Becoming a spiritual hybrid.

The Prius was in front of me on the highway (not for long), and, as I looked at the hybrid, I thought about these new types of cars. Although far from a mechanic, my understanding is that hybrids operate on two kinds of fuel. When charged, they run on the quiet and clean power of electricity. If needed, the engine switches over to gasoline which causes the engine to be louder and burn carbon monoxide. The car gets from one place to another regardless of the fuel used, but how that journey is made is markedly different.

Although I know I need to buy a hybrid someday soon, for the moment I was thinking about the similarities between me and such cars. Like them, I operate on two types of fuel. On the surface the fuels cause the same outcome, they move me from one place to another, but, how they work is very different. One causes me to operate quietly and in harmony with the world around me, the other is louder and lets off toxic gases of its own.

The first type of fuel available is grace. Grounded in my own humanity, aware of the daily examples of my imperfections, I marvel at a creator who loves me anyway. Knowing how undeserved such love is, I am more quiet about the imperfections of others. I live in harmony with those around me and accept the twists and turns of my journey.

The second type of fuel is fear and is equally effective at getting me from here to there, but the ride is different. Aggression and speed become of paramount importance, and God help anyone who stands in my way or wants something. The noise I make and toxic exhaust I emit, leave those around me holding their ears and gasping for air.

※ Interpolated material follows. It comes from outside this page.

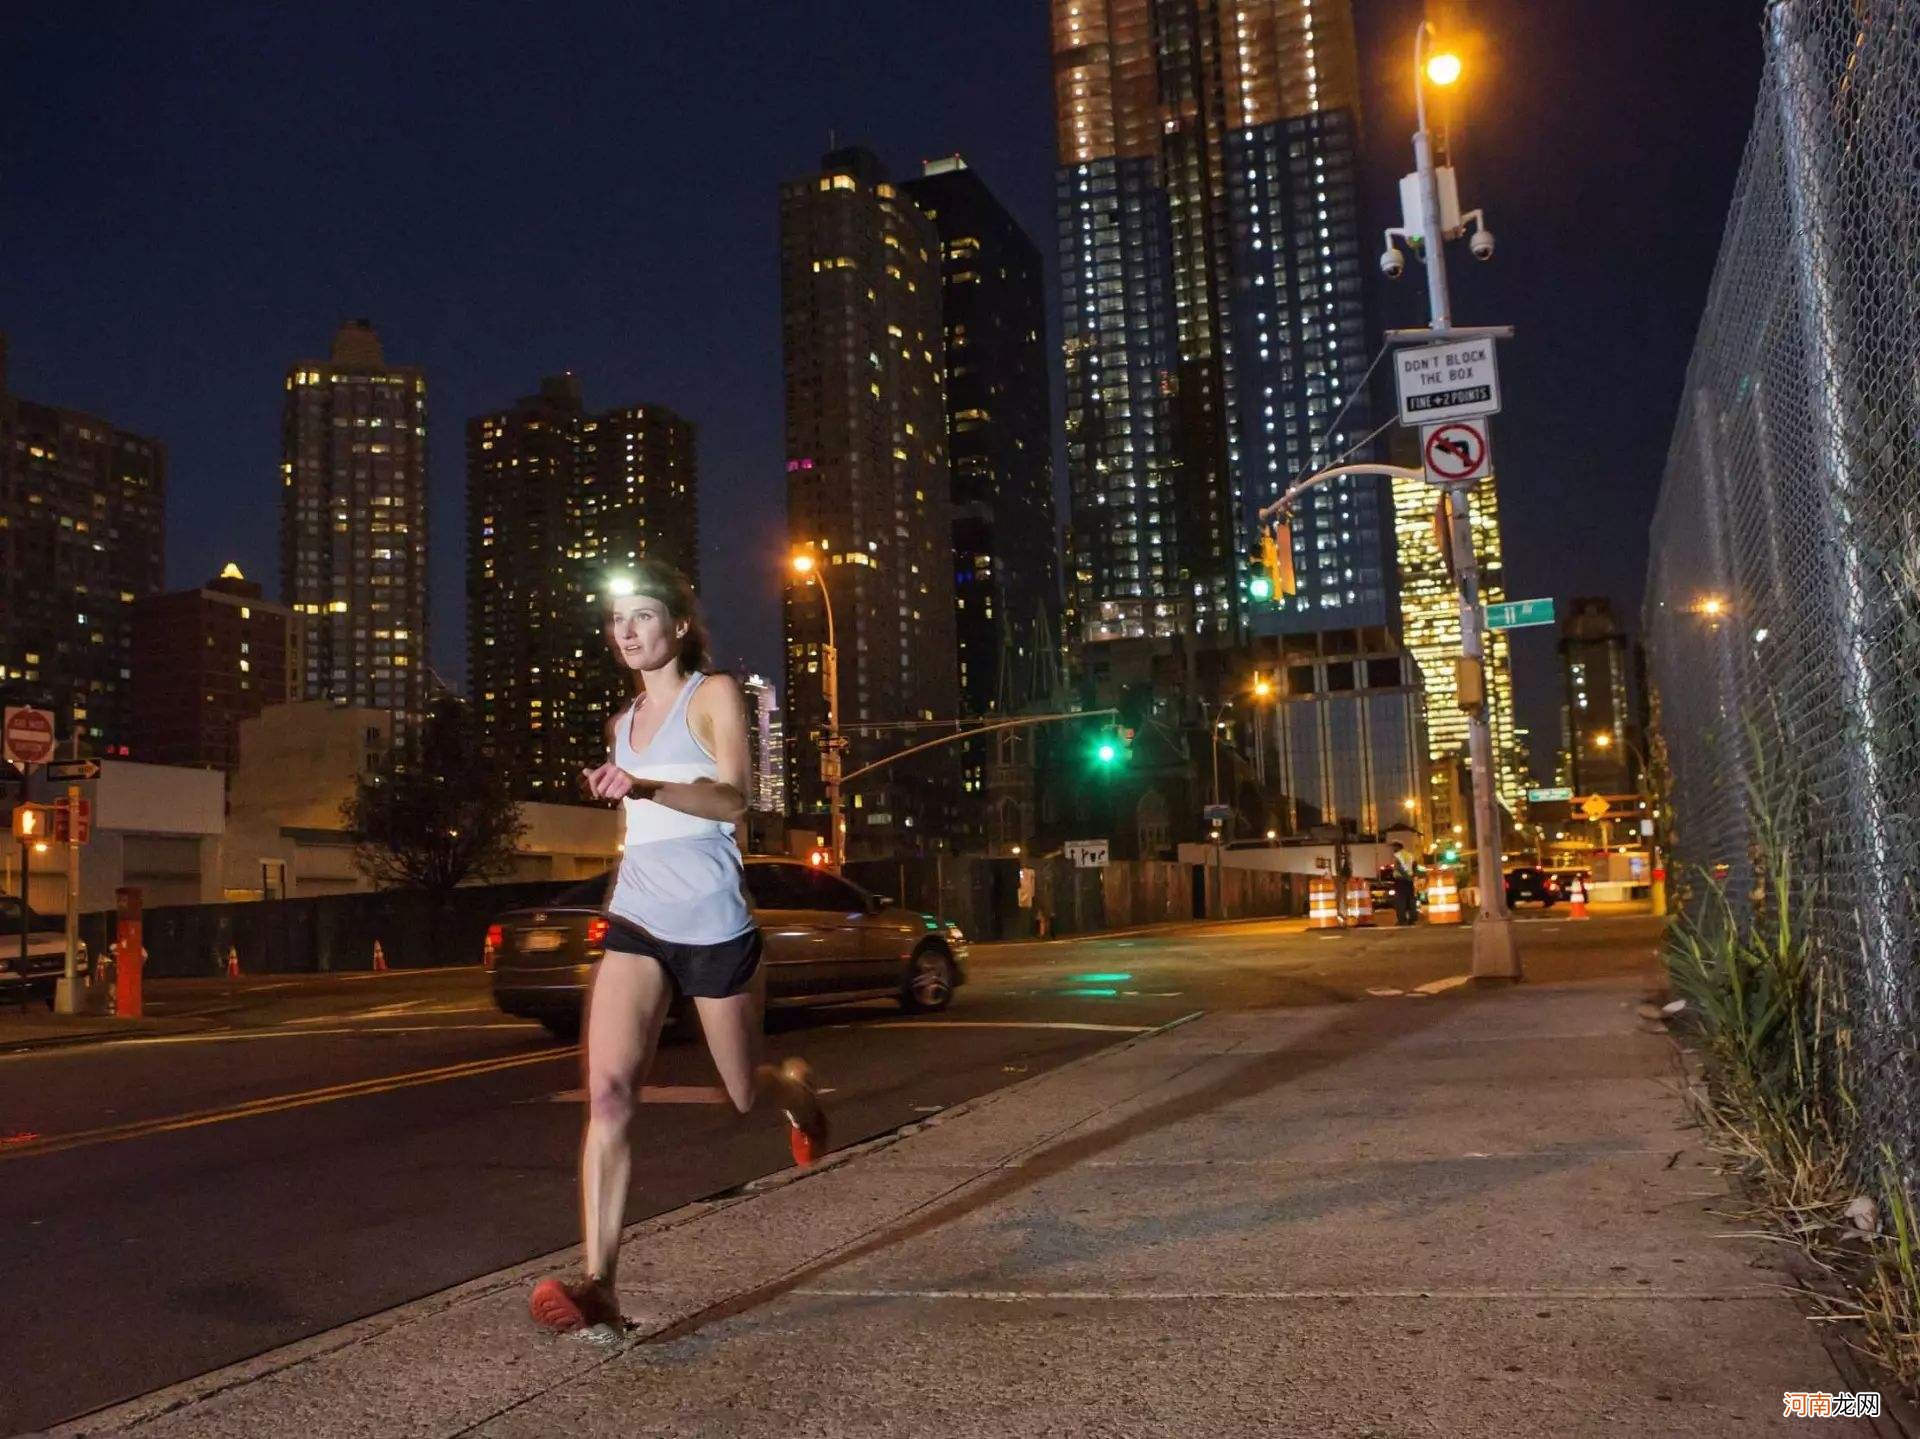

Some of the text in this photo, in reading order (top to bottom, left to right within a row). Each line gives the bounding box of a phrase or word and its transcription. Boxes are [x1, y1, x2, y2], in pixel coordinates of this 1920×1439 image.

[1446, 350, 1486, 366] BLOCK
[1421, 367, 1473, 385] THE BOX
[1410, 396, 1432, 410] FINE

The question is not whether I can operate on one type of fuel exclusively. I can’t. Maybe you can. I can’t. Maybe it’s enough to be aware of the two types of fuel. I may even develop the ability to use one type more than the other, but the gasoline will slosh from side to side in the tank, waiting for the moment when the pressures and anxieties of life cause me to switch my engine over.

I wish it were not so, but I also wish I was six foot two, handsome and a good speller. For now, I’ll just look out my window and try to see the lessons God is trying to teach me.